The American companies also prefer a GK in the form of a subsidiary company in Japan by the Check-the-box Regulation under the U.S. tax law. They can enjoy a pass-through treatment concerning the GK’s profits and losses under U.S. taxation.

A Godo Kaisha (GK) in Japan can convert to a Kabushiki Kaisha (KK) with the unanimous consent of all of its members.

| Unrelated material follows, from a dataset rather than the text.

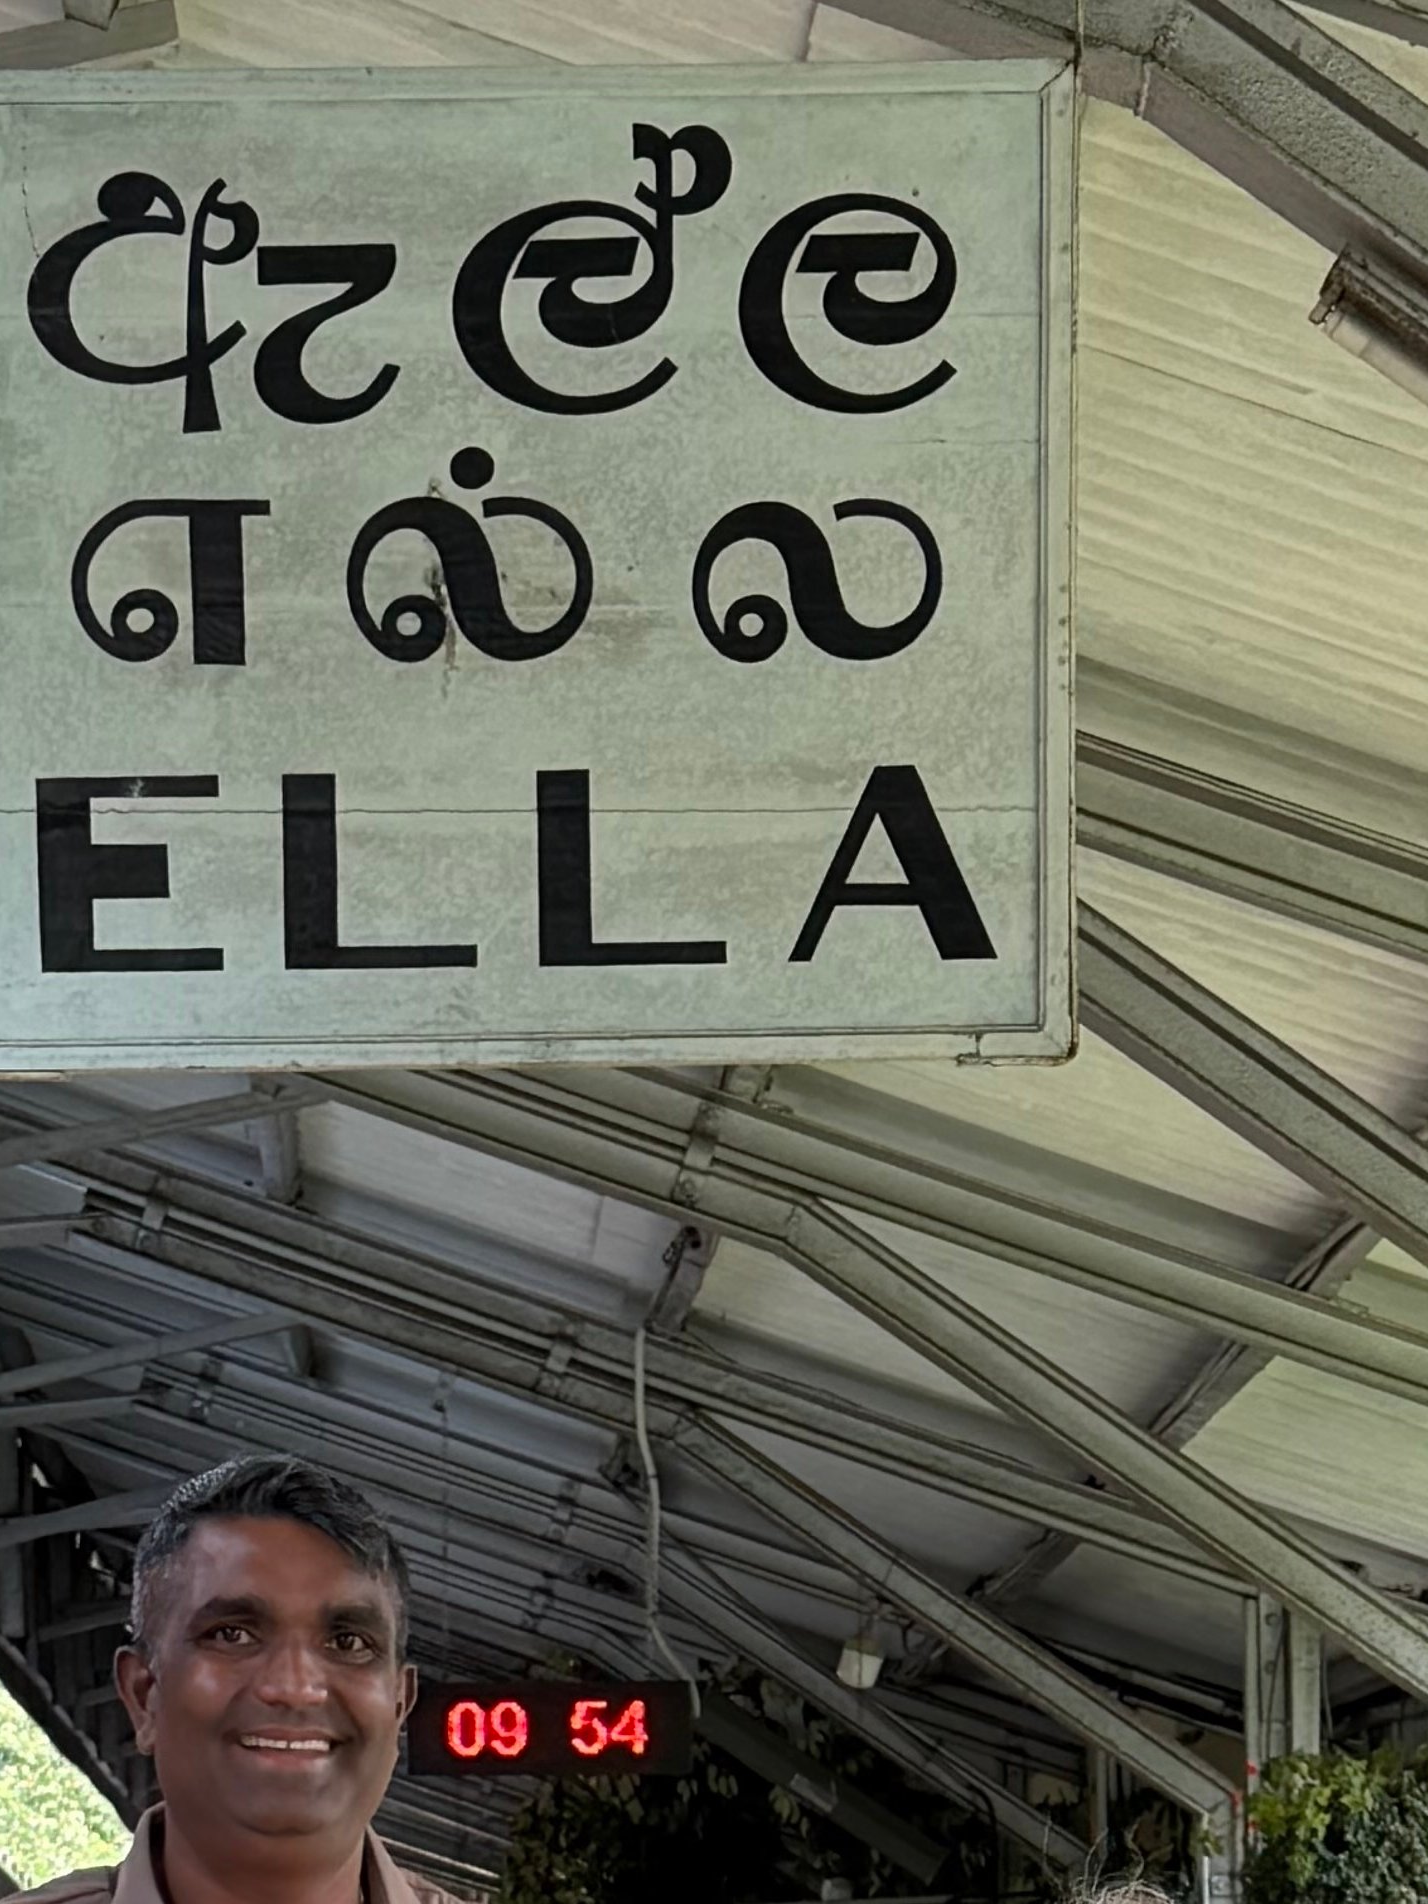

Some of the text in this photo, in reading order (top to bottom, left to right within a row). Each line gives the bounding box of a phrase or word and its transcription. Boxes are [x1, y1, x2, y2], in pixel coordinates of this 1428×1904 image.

The features of Godo Kaisha (GK)/Limited Liability Company(LLC) at a glance:

  • Capital:  1(one) yen or more
  • Members(Promoters/Investors): 1(one) or more
  • Corporation as a Member: Possible
  • Liability of Member: Limited to the amount of investment/equity participation
  • Executive Manager(Director): 1(one) or more. In principle, all Members are Executive Manager, but maybe stipulated otherwise in "Articles of Association." The Executive Manager (gyōmu shikkō shain) can be either an Individual or a Corporation. In the case of the Corporation, it must appoint at least one functional manager (shokumu shikkō sha) to perform the actual management duties. The role is similar to the responsibilities of Directors in KK
  • Legally stipulated term of office of Executive Manager: No legally defined term
  • Transfer of equity(share): Unanimous consent of members (equity holders) is required
  • Resident in Japan: A foreign entrepreneur or a corporation can register a Godo Kaisha (GK) in Japan without a "Local Resident in Japan" under the amendment in the Companies Act introduced in March-2015
  • Registered Office: A local address in Japan is required (physical address and not a PO Box)
  • Company Secretary: Not required
  • Yearly Tax Return Filing: Mandatory
  • Yearly Auditing of Accounts: Not Required

Time-frame for registration: Depends on the structure of promoters/investors, executive managers/officers, etc. Upon applying to Legal Affairs Bureau for registration, it takes about 2(two) weeks to obtain a company registration certificate.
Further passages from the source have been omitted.